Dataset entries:
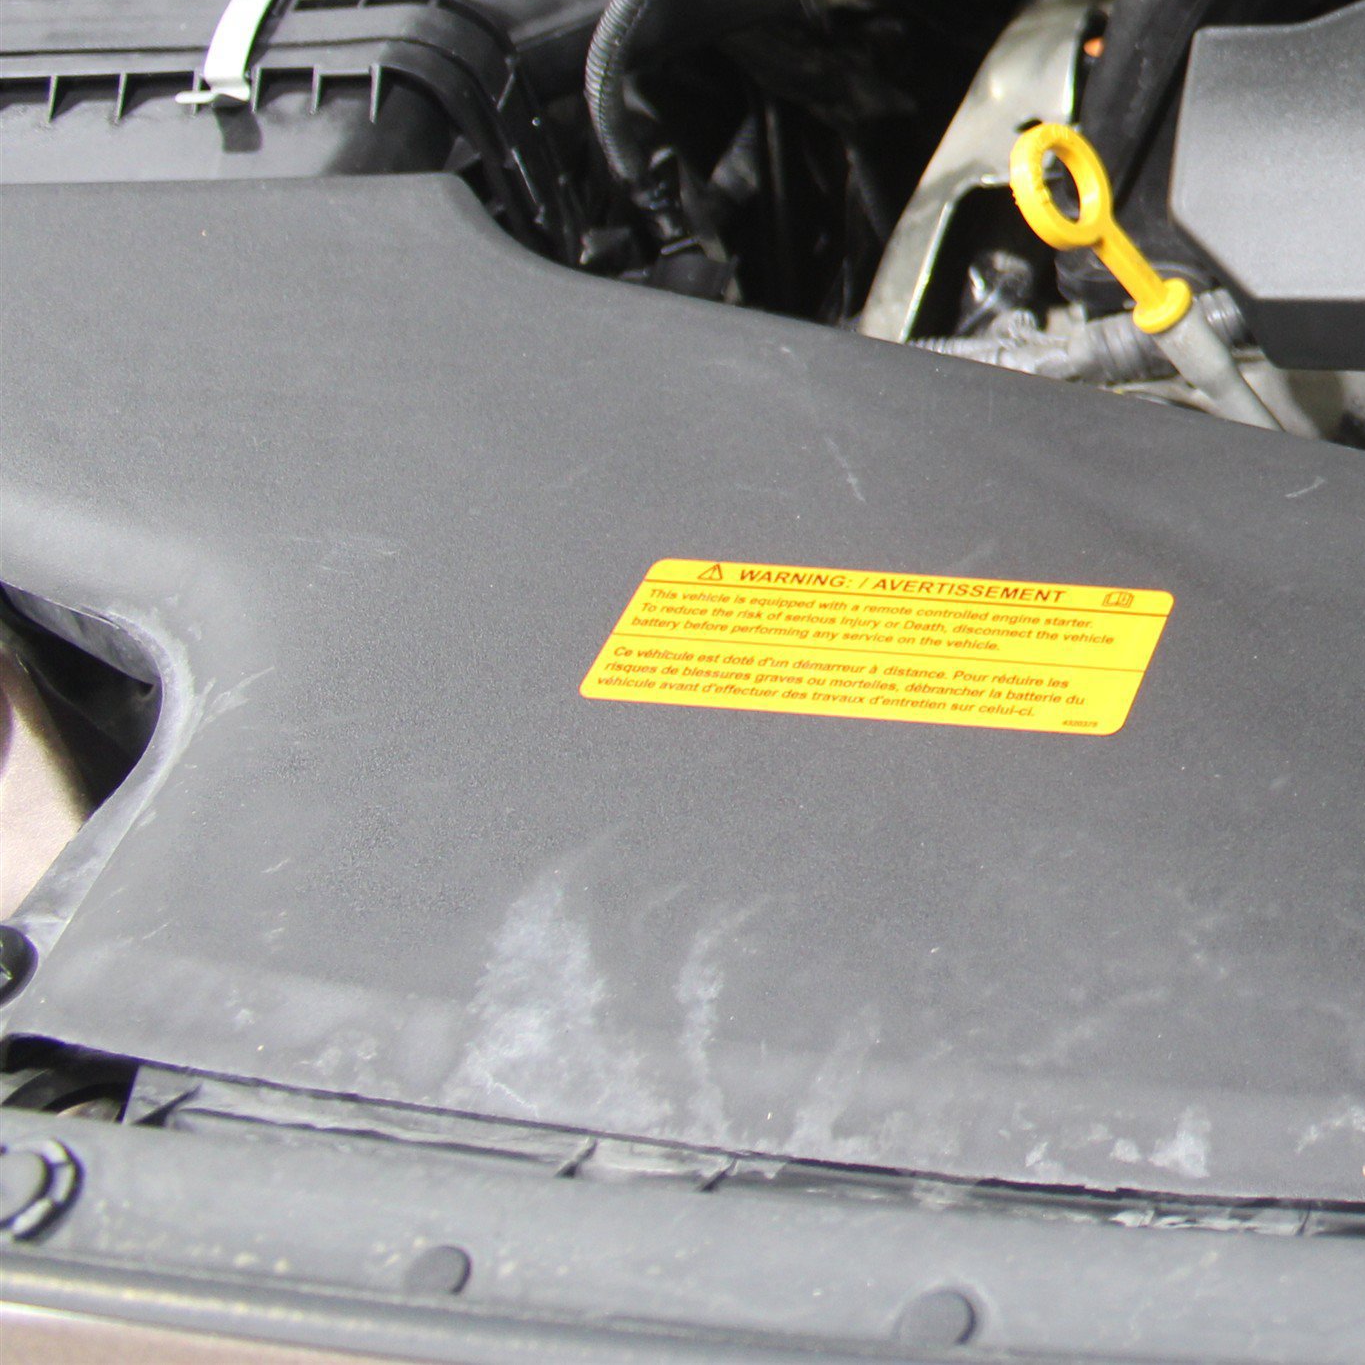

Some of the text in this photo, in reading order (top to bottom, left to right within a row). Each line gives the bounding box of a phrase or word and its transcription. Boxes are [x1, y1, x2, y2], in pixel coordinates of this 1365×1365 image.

[739, 568, 853, 588] WARNING:
[873, 578, 1067, 603] AVERTISSEMENT
[641, 603, 657, 612] To
[660, 604, 708, 616] reduce
[712, 606, 733, 617] the
[737, 609, 762, 619] risk
[767, 610, 782, 620] of
[784, 612, 836, 624] serious
[885, 622, 900, 630] or
[904, 620, 946, 634] Death,
[952, 624, 1032, 639] disconnect
[1037, 630, 1058, 641] the
[1063, 633, 1114, 645] vehicle
[650, 589, 678, 599] This
[682, 591, 730, 604] vehicle
[735, 594, 746, 604] is
[750, 596, 815, 611] equipped
[819, 599, 846, 611] with
[864, 604, 912, 616] remote
[917, 607, 988, 621] controlled
[992, 613, 1040, 626] engine
[631, 617, 1000, 651] battery before performing any service on the vehicle.
[604, 662, 1085, 706] risques de blessures graves ou mortelles, débrancher la batterie du
[614, 646, 632, 657] Ce
[637, 648, 694, 662] véhicule
[697, 654, 719, 663] est
[723, 655, 755, 667] doté
[758, 657, 788, 669] d'un
[792, 659, 866, 674] démarreur
[884, 666, 948, 680] distance.
[952, 671, 988, 683] Pour
[992, 674, 1044, 687] réduire
[1048, 678, 1069, 689] les
[597, 676, 1034, 717] véhicule avant d'effectuer des travaux d'entretien sur celui-ci.

* **Work item**:
Reproduce every record in full. Leave out the images.

* **Final answer**:
Some of the text in this photo, in reading order (top to bottom, left to right within a row). Each line gives the bounding box of a phrase or word and its transcription. Boxes are [x1, y1, x2, y2], in pixel coordinates of this 1365×1365 image.

[739, 568, 853, 588] WARNING:
[873, 578, 1067, 603] AVERTISSEMENT
[641, 603, 657, 612] To
[660, 604, 708, 616] reduce
[712, 606, 733, 617] the
[737, 609, 762, 619] risk
[767, 610, 782, 620] of
[784, 612, 836, 624] serious
[885, 622, 900, 630] or
[904, 620, 946, 634] Death,
[952, 624, 1032, 639] disconnect
[1037, 630, 1058, 641] the
[1063, 633, 1114, 645] vehicle
[650, 589, 678, 599] This
[682, 591, 730, 604] vehicle
[735, 594, 746, 604] is
[750, 596, 815, 611] equipped
[819, 599, 846, 611] with
[864, 604, 912, 616] remote
[917, 607, 988, 621] controlled
[992, 613, 1040, 626] engine
[631, 617, 1000, 651] battery before performing any service on the vehicle.
[604, 662, 1085, 706] risques de blessures graves ou mortelles, débrancher la batterie du
[614, 646, 632, 657] Ce
[637, 648, 694, 662] véhicule
[697, 654, 719, 663] est
[723, 655, 755, 667] doté
[758, 657, 788, 669] d'un
[792, 659, 866, 674] démarreur
[884, 666, 948, 680] distance.
[952, 671, 988, 683] Pour
[992, 674, 1044, 687] réduire
[1048, 678, 1069, 689] les
[597, 676, 1034, 717] véhicule avant d'effectuer des travaux d'entretien sur celui-ci.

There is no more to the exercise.